**HOW TO COMPLETE THIS TASK**
Here, the job is to give back every entry below unchanged, omitting pictures.

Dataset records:

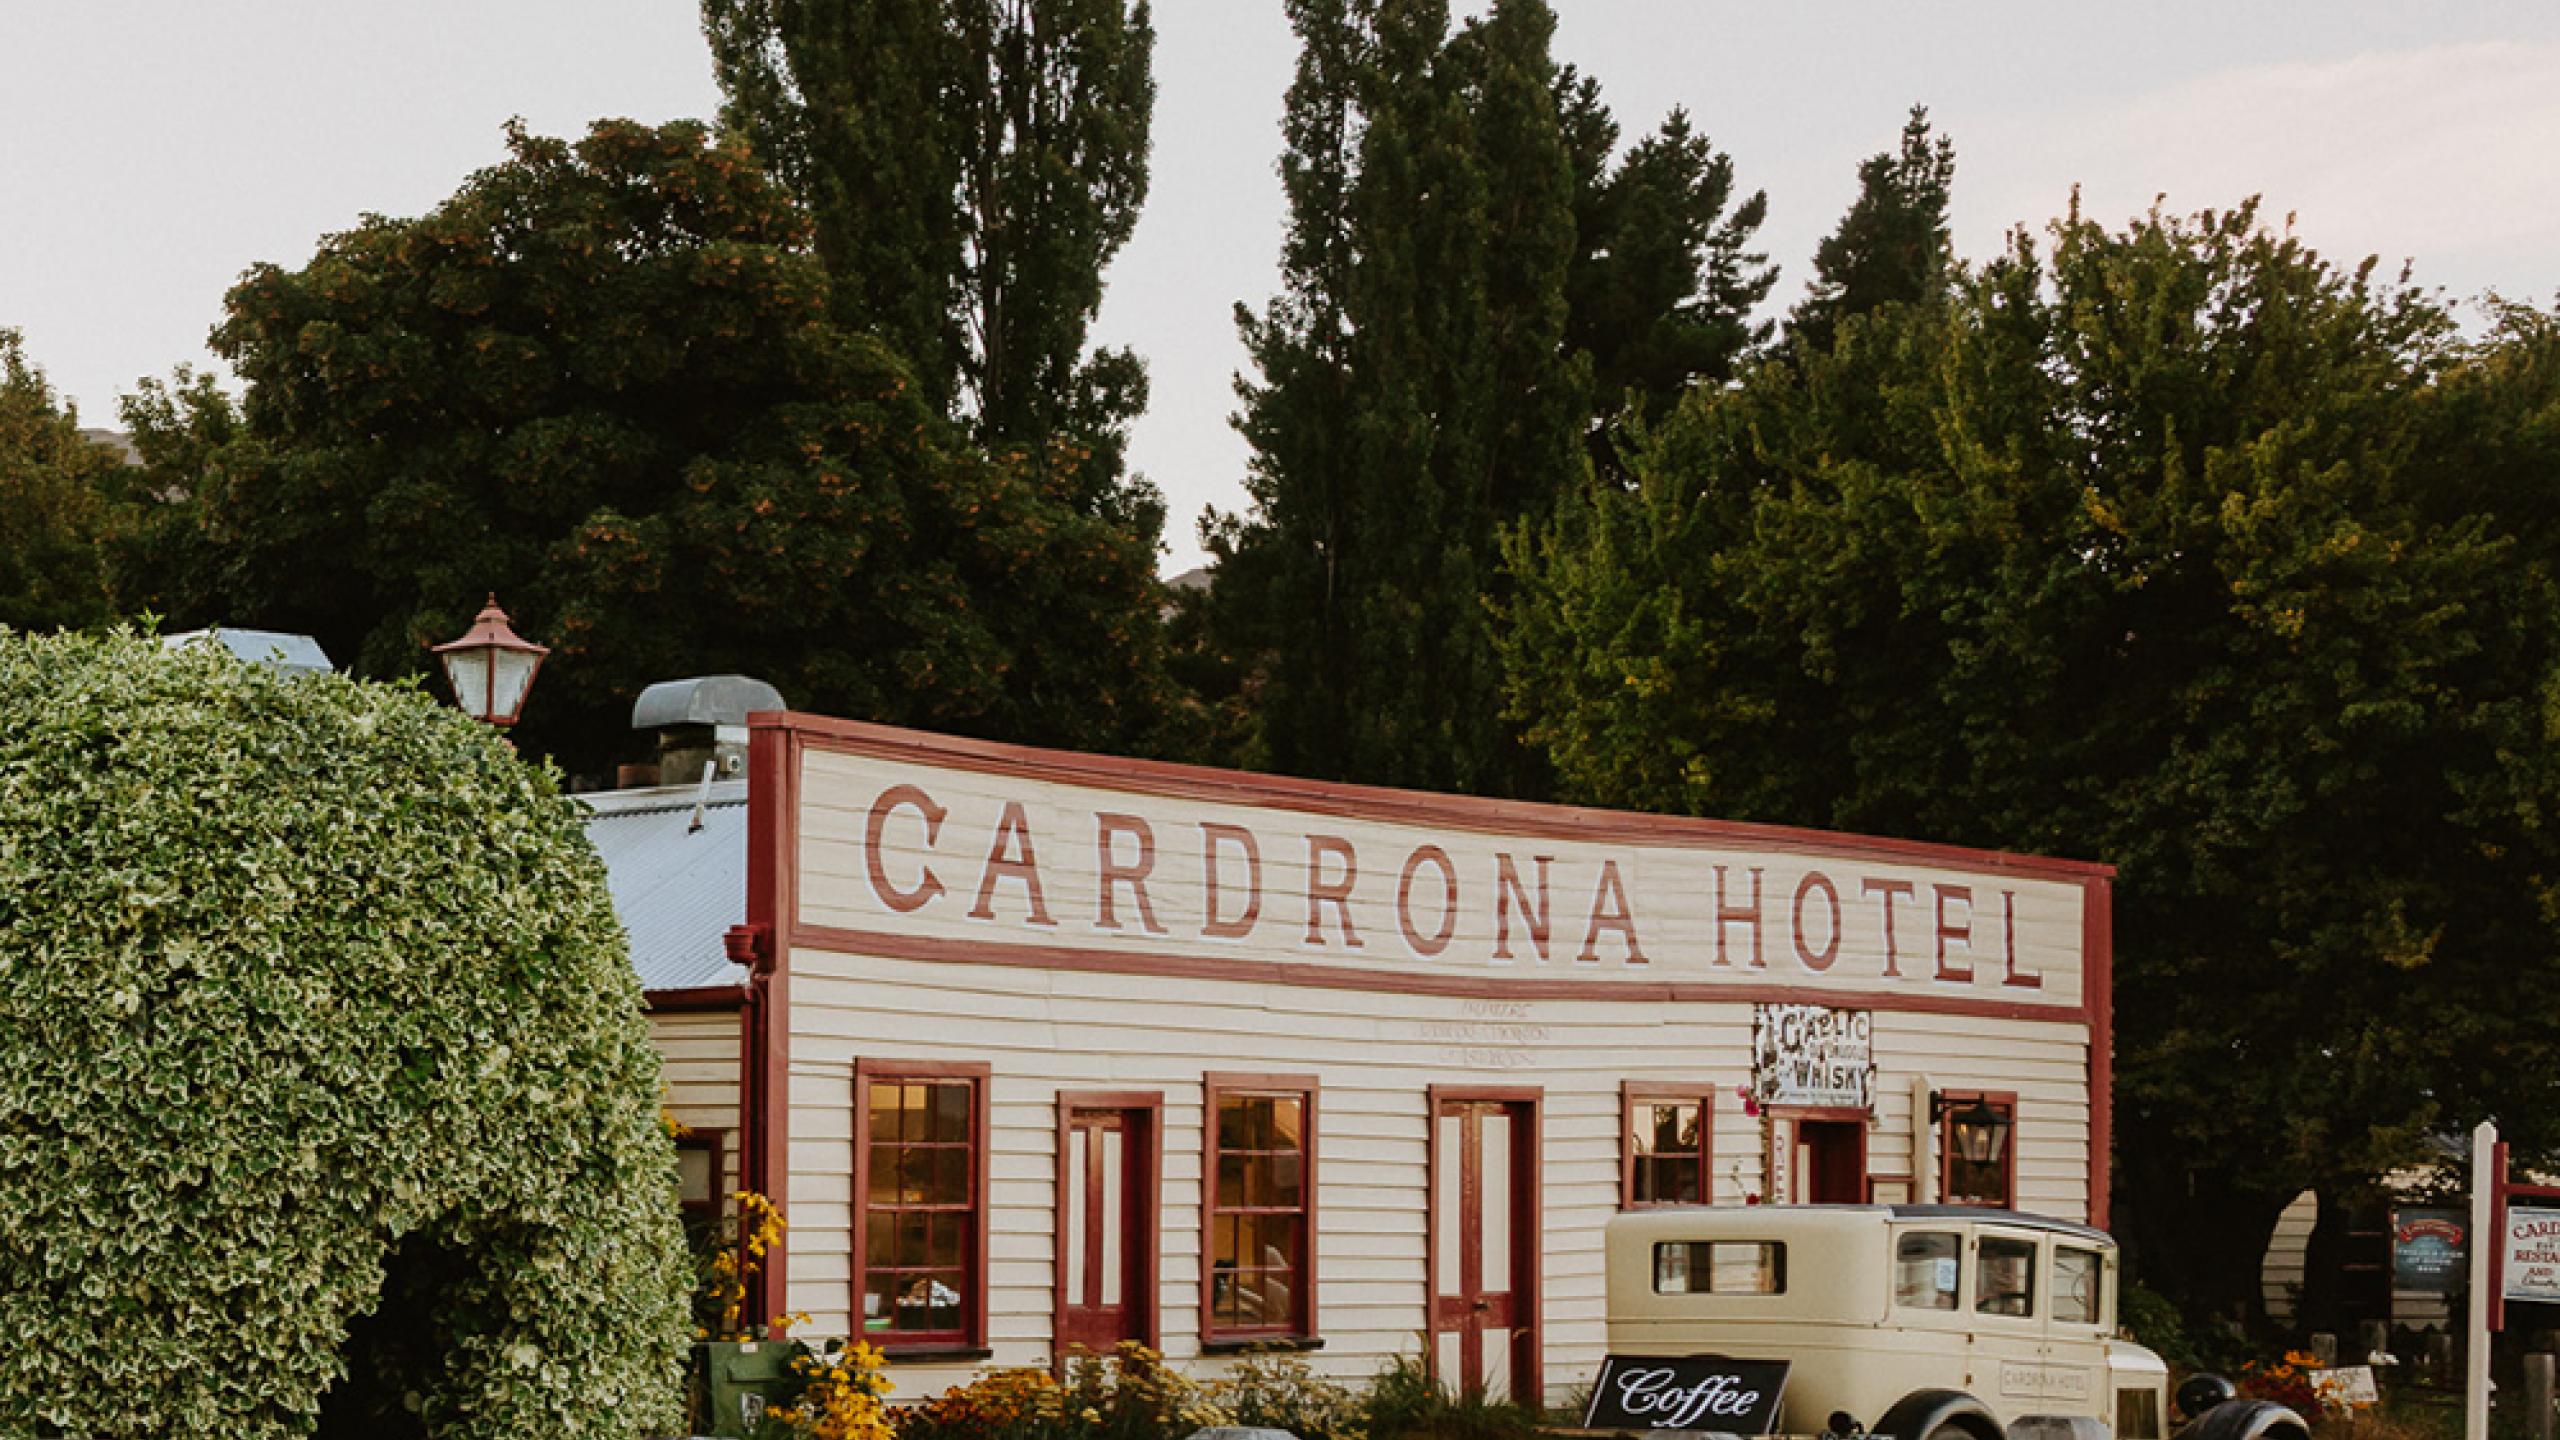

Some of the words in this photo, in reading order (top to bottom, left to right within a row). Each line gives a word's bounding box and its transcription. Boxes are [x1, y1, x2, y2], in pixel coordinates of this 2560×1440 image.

[865, 783, 1649, 964] CARDRONA
[1713, 865, 2043, 988] HOTEL
[1794, 1059, 1867, 1090] WHISKY
[1617, 1368, 1760, 1427] Coffee
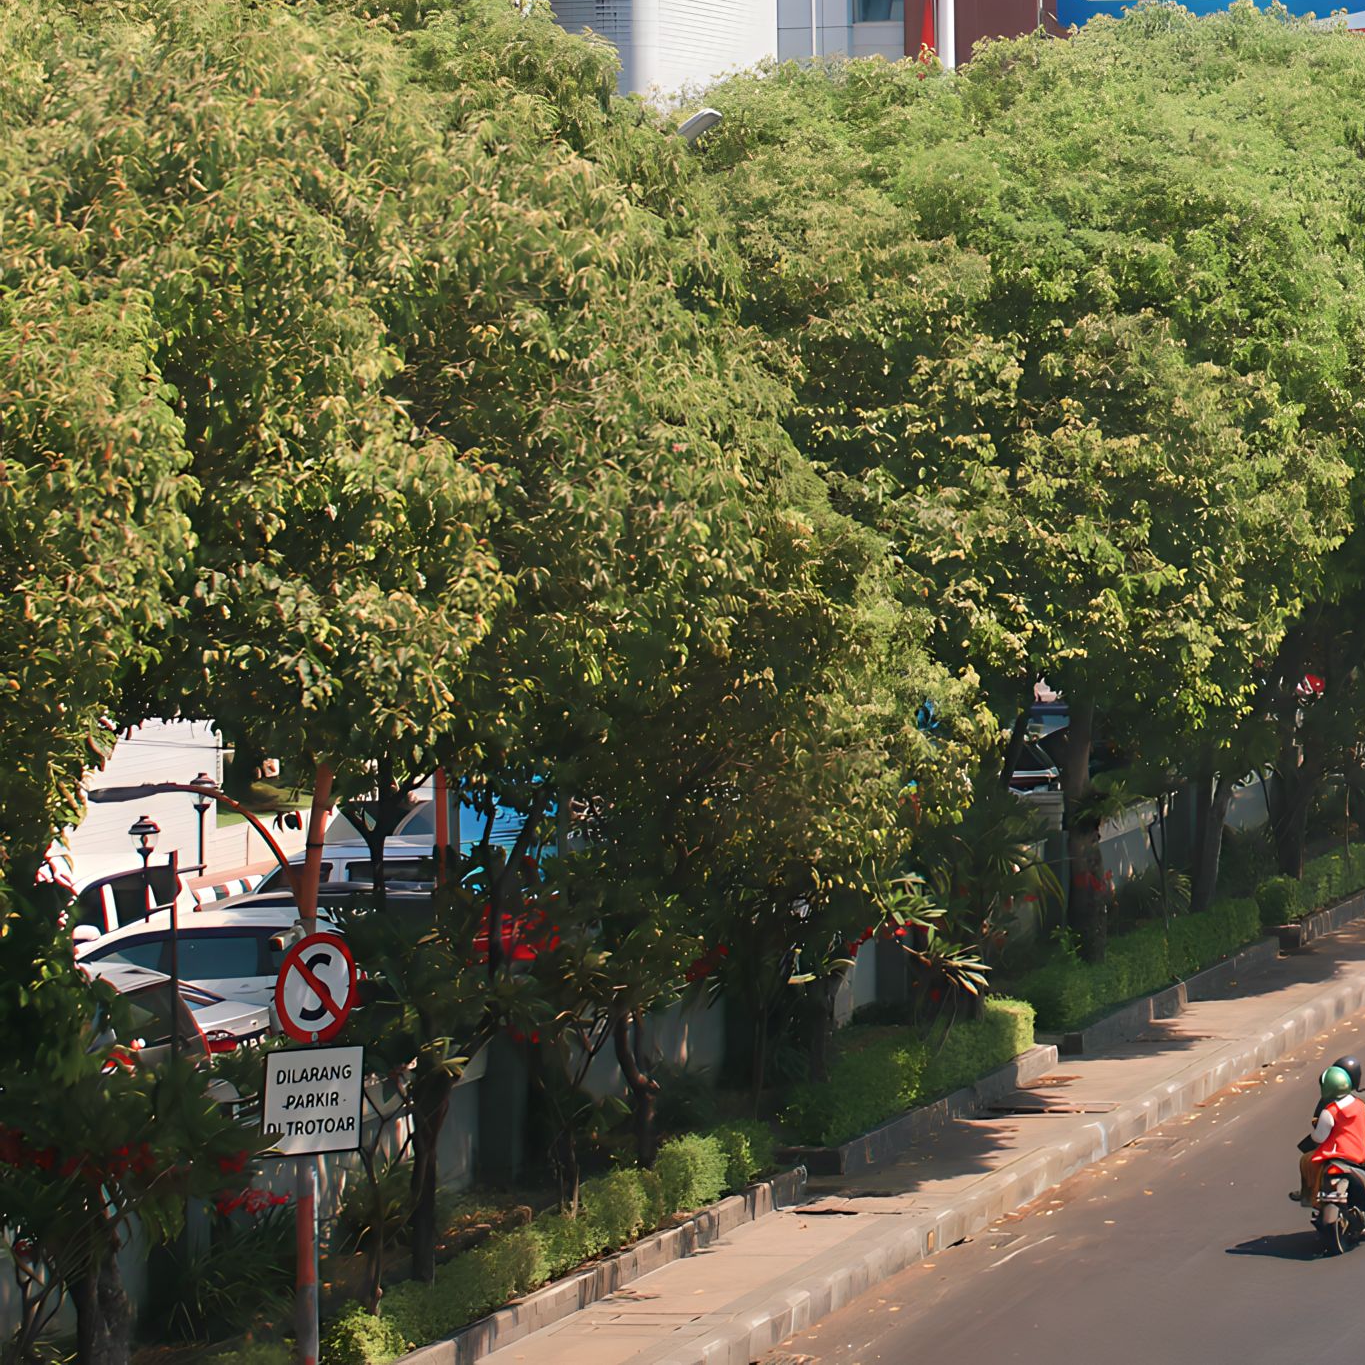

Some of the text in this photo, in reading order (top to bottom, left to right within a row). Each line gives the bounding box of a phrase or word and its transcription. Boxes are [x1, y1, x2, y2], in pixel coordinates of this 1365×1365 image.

[276, 1064, 352, 1085] DILARANG
[284, 1091, 339, 1110] PARKIR
[286, 1116, 355, 1136] TROTOAR
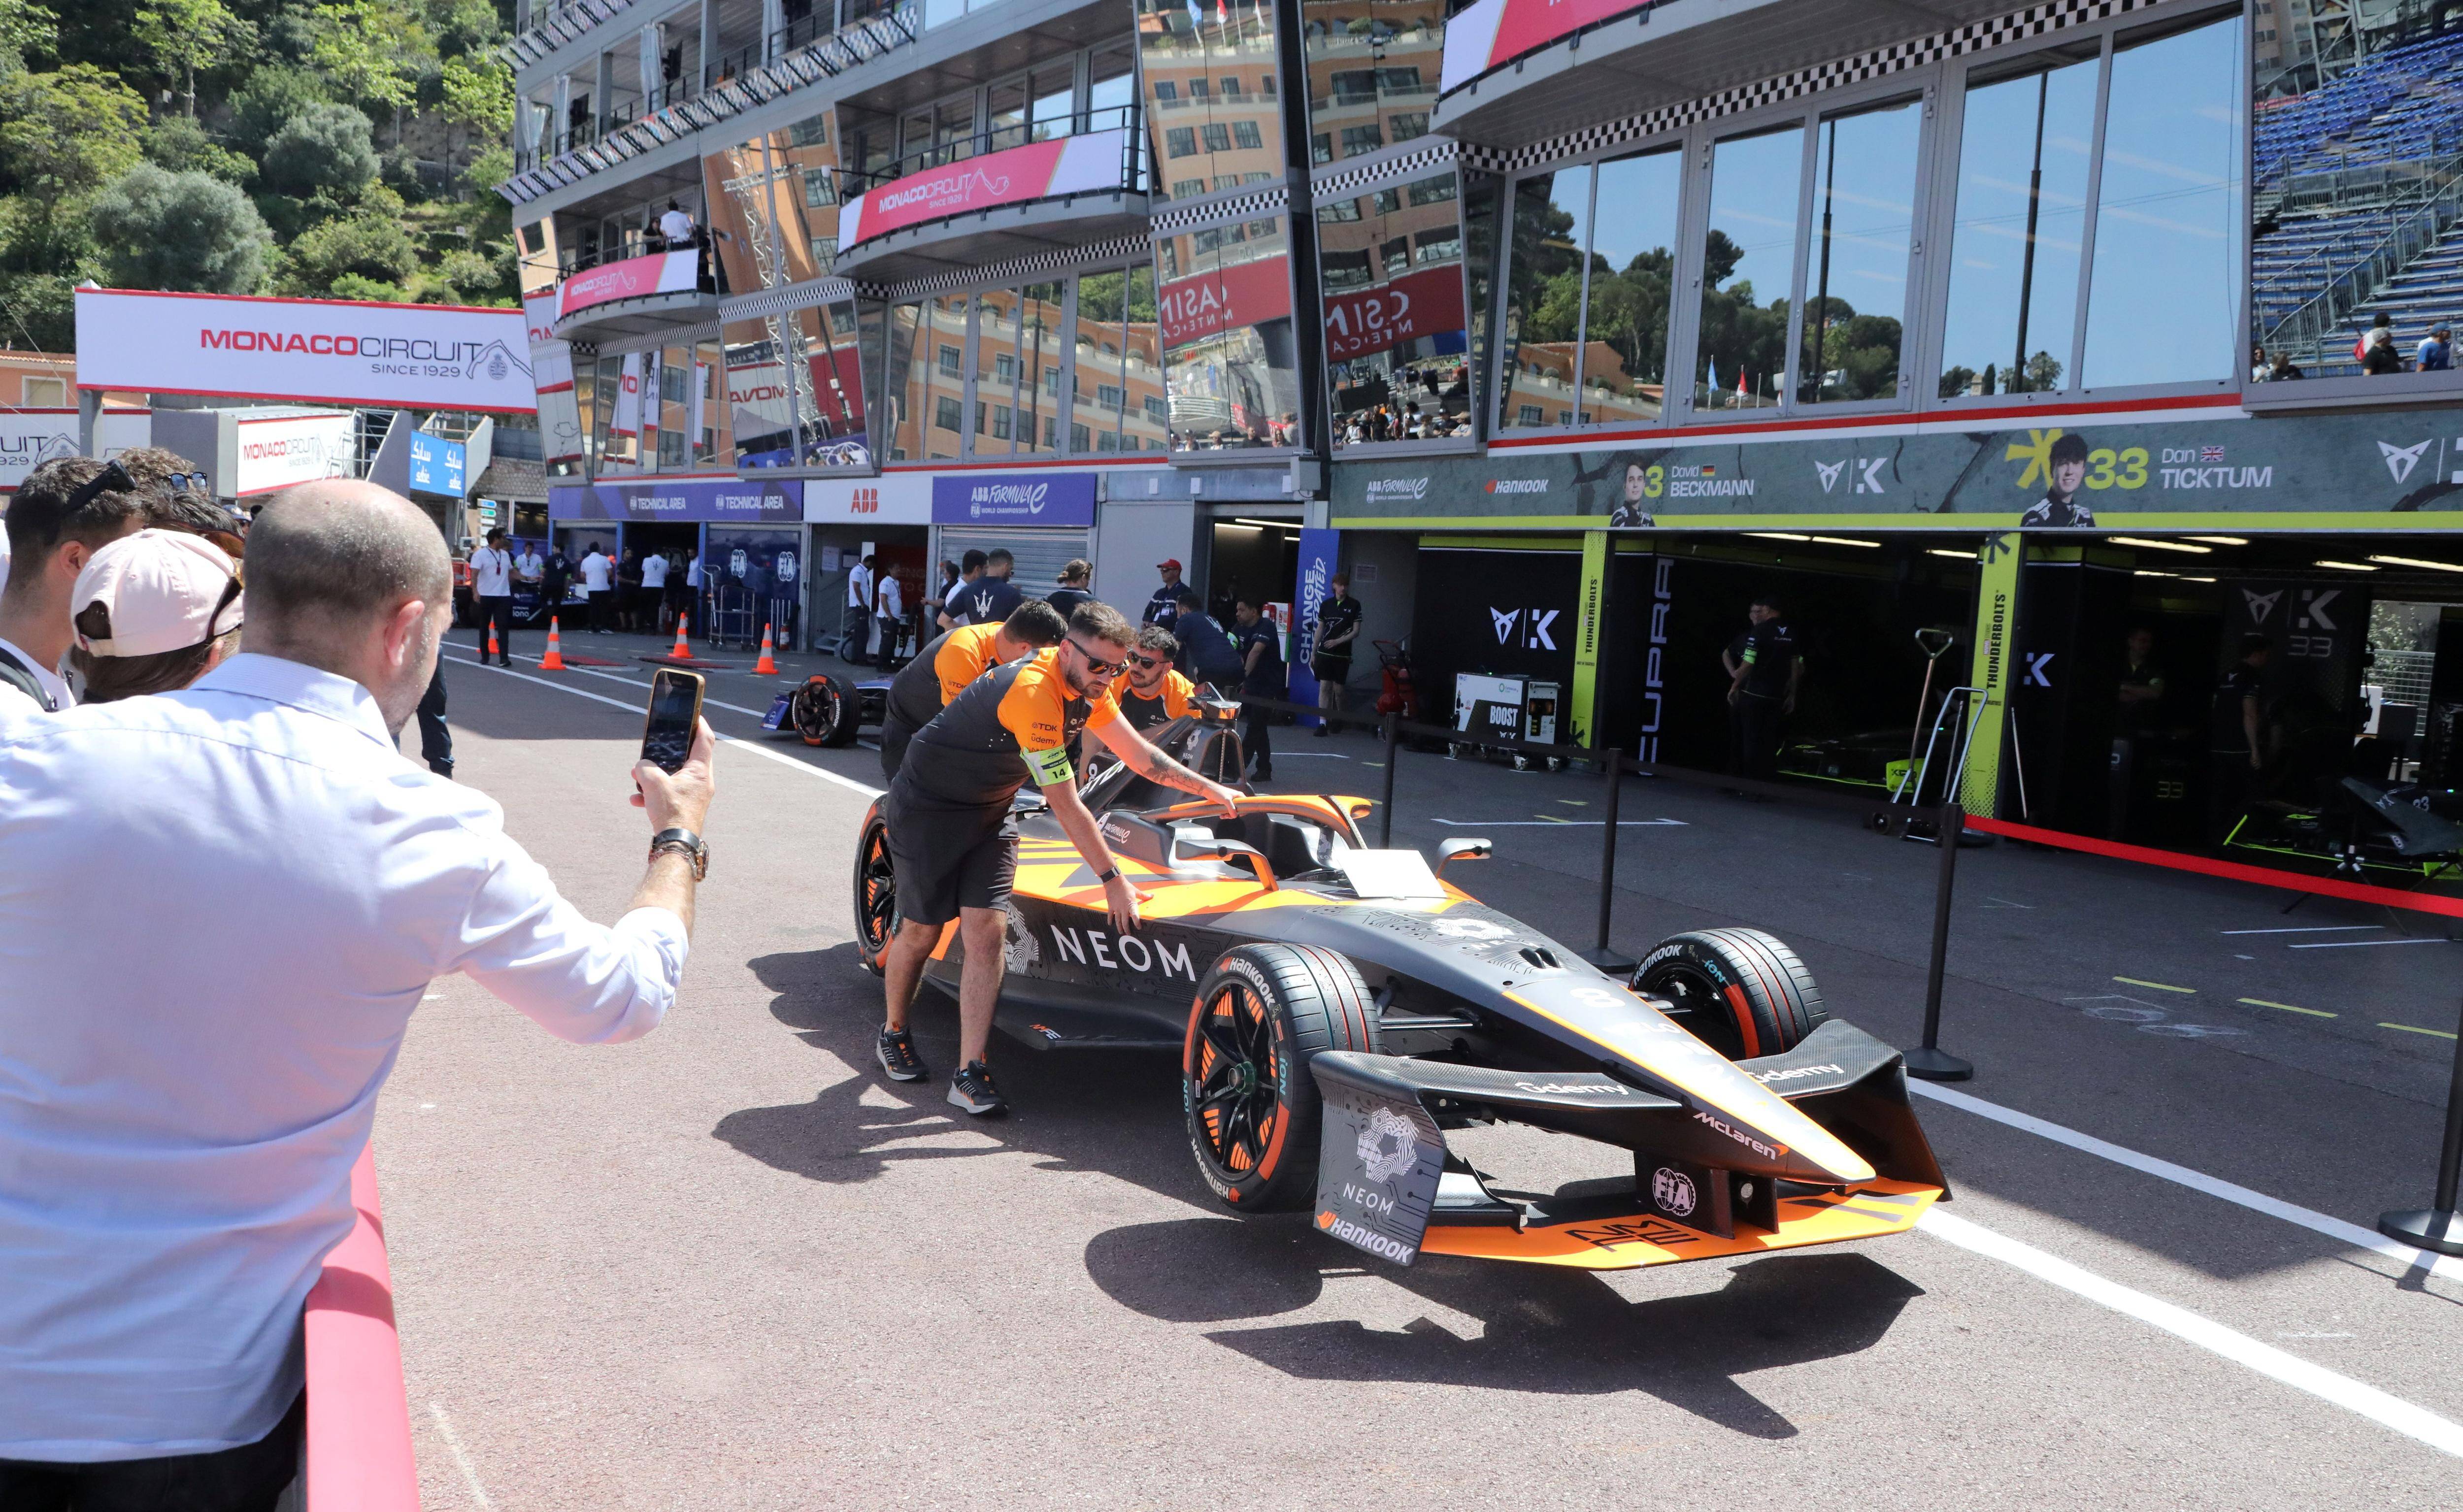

**RESPONSE AREA**
Some of the words in this photo, in reading order (top to bottom, left to right within a row). Each line gives a word's bounding box and its transcription. Boxes are [x1, y1, x2, y2], in pixel coordinates of this 2560×1440 image.

[865, 783, 1649, 964] CARDRONA
[1713, 865, 2043, 988] HOTEL
[1794, 1059, 1867, 1090] WHISKY
[1617, 1368, 1760, 1427] Coffee

Some of the text in this photo, in reading order (top to bottom, left to right within a row). Each line gives the bounding box of a phrase or word and its transcription. Boxes are [x1, y1, x2, y2], in pixel coordinates of this 1365×1365 image.

[276, 1064, 352, 1085] DILARANG
[284, 1091, 339, 1110] PARKIR
[286, 1116, 355, 1136] TROTOAR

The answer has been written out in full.